Confirmation of accounts receivable, including a financial institution’s loans, is a generally accepted auditing procedure. It is therefore presumed that the auditor will request the confirmation of accounts receivable during an audit. In general, auditor uses confirmation process to obtain sufficient competent evidential matter. Confirmation is performed to obtain evidence from third parties about financial statement assertions made by management. In general, it is presumed that “evidential matter…obtained from independent sources outside an entity…provide greater assurance of reliability for the purposes of an independent audit than that secured solely within the entity”. Confirmation requests do not, however, address all assertions equally well. Accounts receivable confirmations are likely to be more effective for the existence and the rights-and-obligations assertions than for the valuation assertion. SAS 67 addresses all types of confirmations including, but not limited to, accounts receivable confirmations. It relates the confirmation process to inherent and control risk.
This post provides simple and easy technical application guides for confirming accounts receivable in auditing process conducted by auditors. As a complement of this post, I also provides some illustration and editable template examples that you can use as a handy tools to perform the task. If you have known this practical techniques but you just seek for accounts receivable templates, you can jump directly [here] Enjoy!
The Need for Presumption
The presumption that the auditor will confirm accounts receivable may be overcome if one of the following exists:
- Accounts receivable are not material to the financial statements.
- The use of confirmations would be ineffective (for example, based on experience, the auditor concludes that response rates will be inadequate or that responses will be unreliable).
- In some circumstances, the auditor’s combined assessed level of inherent and control risk may be low, and that level, in conjunction with evidence expected to be provided by substantive tests, is sufficient to reduce audit risk to an acceptably low level for the applicable financial statement assertions.
- If confirmations are not used because experience with the entity indicates the procedure would not be effective, the auditor needs to design suitable alternative procedures to achieve audit objectives.
- If the auditor does not confirm accounts receivable, he or she should document the reasons for not doing so.
Timing Of Confirmation Request
For both positive and negative confirmation requests, the debtor is provided with the balance as of a specified date. The date may be as follows:
- Year-end date.
- Date prior to year-end. This date generally is one or two months prior to year-end.
It is recommended that confirmation requests be sent to debtors approximately a week before the date specified in the request. If the debtor is in a foreign country, the request should be mailed earlier.

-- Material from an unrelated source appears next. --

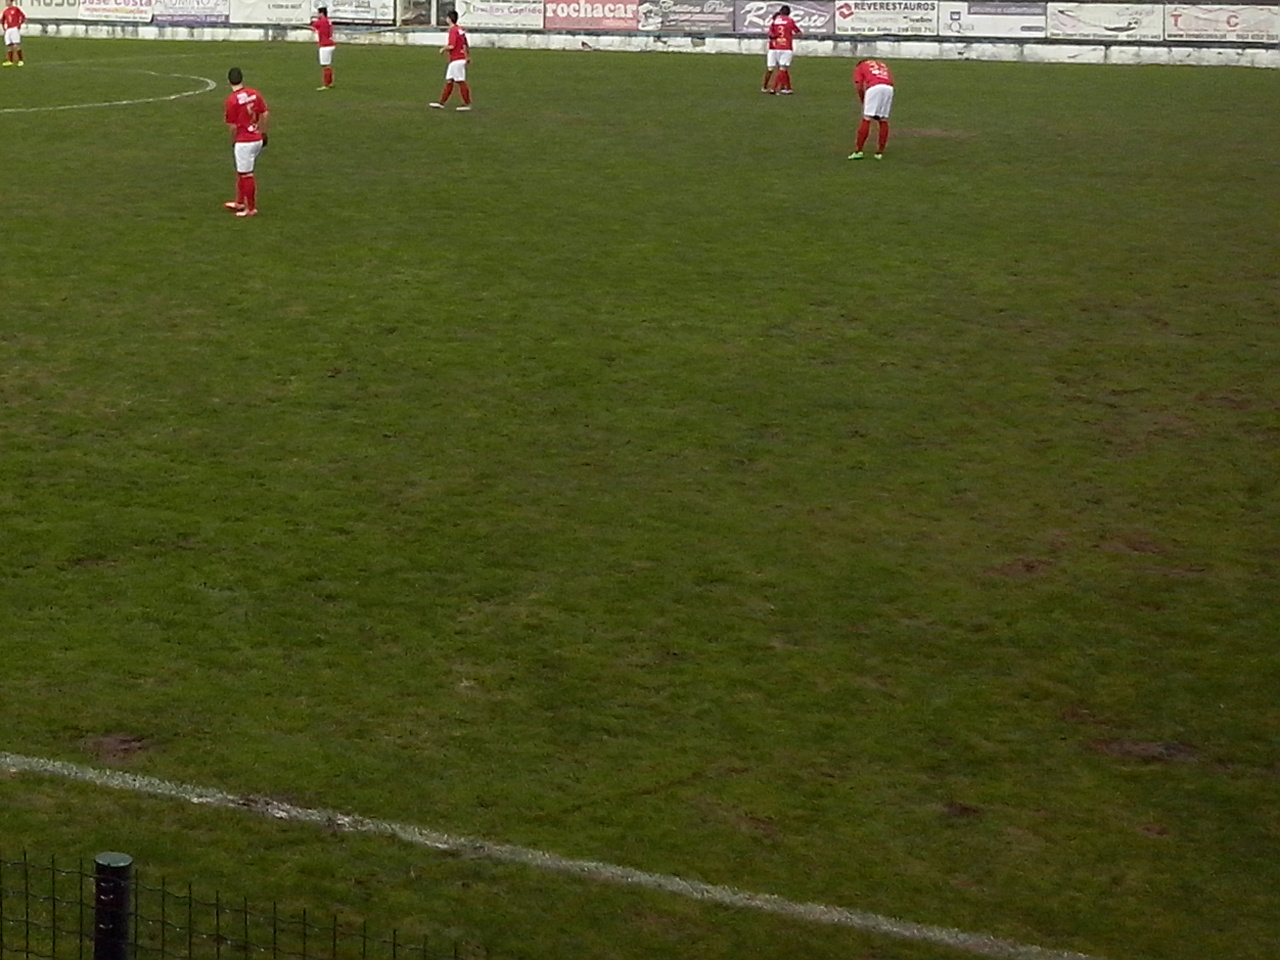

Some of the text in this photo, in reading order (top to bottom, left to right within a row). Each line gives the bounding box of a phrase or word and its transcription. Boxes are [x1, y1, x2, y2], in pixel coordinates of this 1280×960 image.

Confirming Prior to Year-End
The auditor may decide to request that the debtor confirm the balance as of a date before year-end. If the auditor follows this procedure, however, he or she should perform the following procedures during the year-end procedures:
. Perform selective other substantive tests of transactions from the confirmation date to the balance sheet date. These tests would include the following:
- Review subsequent sales invoices and related bills of lading.
- Review subsequent customer cash receipts and related remittance advices.
[2.] If balances change significantly from confirmation date to year-end, it is recommended that the auditor reconfirm.
The Use Of Negative Form Of Confirmation Request
If the negative form of confirmation request is used, the auditor should normally do one of the following:
. Send out more requests than if the positive form is used.
. Apply other auditing procedures to a greater extent than if the positive form is used. Other auditing procedures include examination of the following:
- Subsequent cash receipts.
- Subsequent cash remittance advices.
- Sales and shipping documents.
Steps In Confirmation Process
The steps in the process of confirming receivables follow:
Step-1. Obtain Aged Schedule of Accounts Receivable
The auditor should obtain an aged schedule of accounts receivable as of the confirmation date. He or she should apply the following procedures to this schedule:
- Determine that totals are correct.
- Compare all or a selected sample of account balances with the account balances in the accounts receivable subsidiary ledger.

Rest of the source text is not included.